The entries are to be reproduced word for word, with all images left out.

-*-

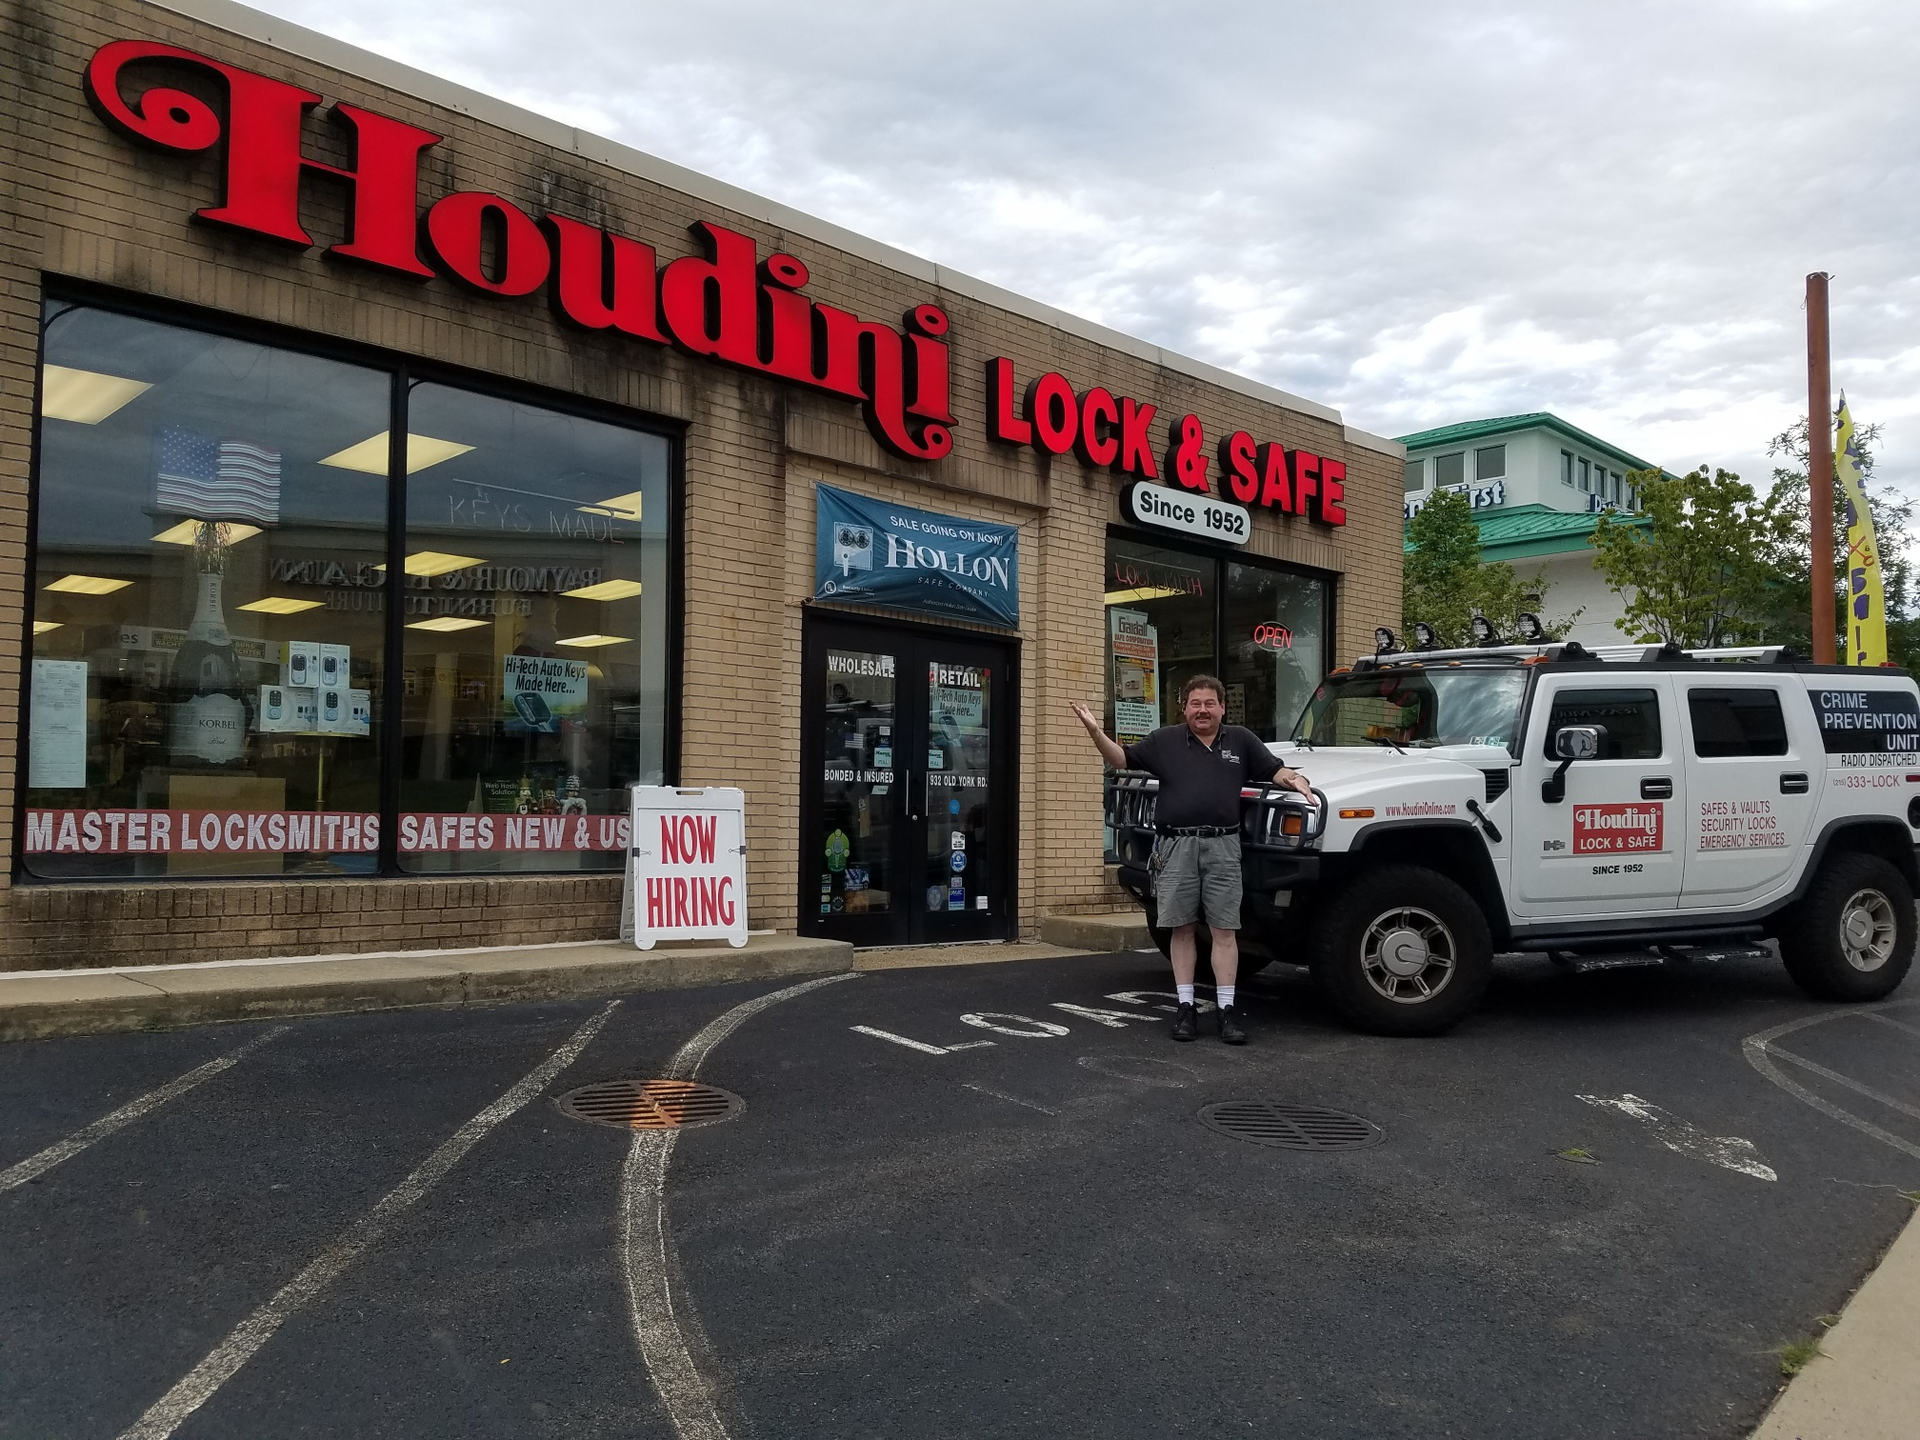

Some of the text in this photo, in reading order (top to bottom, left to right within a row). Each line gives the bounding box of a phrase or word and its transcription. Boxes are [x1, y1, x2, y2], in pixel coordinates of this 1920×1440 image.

[85, 40, 955, 462] Houdini
[988, 357, 1347, 525] LOCK & SAFE
[448, 491, 625, 544] KEYS MADE
[1139, 490, 1244, 537] Since 1952
[890, 516, 1003, 546] SALE GOING ON NOW!
[884, 532, 1010, 591] HOLLON
[917, 577, 990, 597] SAFE COMPANY
[1254, 625, 1293, 648] OPEN
[505, 657, 586, 682] Hi-Tech Auto Keys
[828, 655, 895, 678] WHOLESALE
[515, 675, 575, 694] Made Here...
[939, 670, 980, 687] RETAIL
[953, 691, 967, 704] Auto
[968, 693, 981, 705] Keys
[1820, 692, 1868, 708] CRIME
[939, 702, 955, 715] Made
[199, 719, 237, 729] KORBEL
[1824, 712, 1917, 729] PREVENTION
[1886, 734, 1920, 750] UNIT
[1841, 753, 1917, 767] RADIO DISPATCHED
[825, 769, 894, 784] BONDED & INSURED
[930, 775, 988, 788] 932 OLD YORK RD.
[1847, 775, 1900, 788] 333-LOCK
[1385, 802, 1457, 817] www.HoudiniOnline.com
[1701, 801, 1770, 816] SAFES & VAULTS
[1575, 807, 1658, 835] Houdini
[1701, 816, 1776, 832] SECURITY LOCKS
[26, 812, 380, 850] MASTER LOCKSMITHS
[401, 815, 493, 849] SAFES
[505, 817, 566, 849] NEW
[574, 817, 590, 849] &
[660, 815, 717, 864] NOW
[1701, 831, 1785, 849] EMERGENCY SERVICES
[1580, 836, 1656, 850] LOCK & SAFE
[1592, 863, 1643, 875] SINCE 1952
[646, 875, 735, 928] HIRING

-*-

* Response box *
Some of the text in this photo, in reading order (top to bottom, left to right within a row). Each line gives the bounding box of a phrase or word and its transcription. Boxes are [x1, y1, x2, y2], in pixel coordinates of this 1920×1440 image.

[85, 40, 955, 462] Houdini
[988, 357, 1347, 525] LOCK & SAFE
[448, 491, 625, 544] KEYS MADE
[1139, 490, 1244, 537] Since 1952
[890, 516, 1003, 546] SALE GOING ON NOW!
[884, 532, 1010, 591] HOLLON
[917, 577, 990, 597] SAFE COMPANY
[1254, 625, 1293, 648] OPEN
[505, 657, 586, 682] Hi-Tech Auto Keys
[828, 655, 895, 678] WHOLESALE
[515, 675, 575, 694] Made Here...
[939, 670, 980, 687] RETAIL
[953, 691, 967, 704] Auto
[968, 693, 981, 705] Keys
[1820, 692, 1868, 708] CRIME
[939, 702, 955, 715] Made
[199, 719, 237, 729] KORBEL
[1824, 712, 1917, 729] PREVENTION
[1886, 734, 1920, 750] UNIT
[1841, 753, 1917, 767] RADIO DISPATCHED
[825, 769, 894, 784] BONDED & INSURED
[930, 775, 988, 788] 932 OLD YORK RD.
[1847, 775, 1900, 788] 333-LOCK
[1385, 802, 1457, 817] www.HoudiniOnline.com
[1701, 801, 1770, 816] SAFES & VAULTS
[1575, 807, 1658, 835] Houdini
[1701, 816, 1776, 832] SECURITY LOCKS
[26, 812, 380, 850] MASTER LOCKSMITHS
[401, 815, 493, 849] SAFES
[505, 817, 566, 849] NEW
[574, 817, 590, 849] &
[660, 815, 717, 864] NOW
[1701, 831, 1785, 849] EMERGENCY SERVICES
[1580, 836, 1656, 850] LOCK & SAFE
[1592, 863, 1643, 875] SINCE 1952
[646, 875, 735, 928] HIRING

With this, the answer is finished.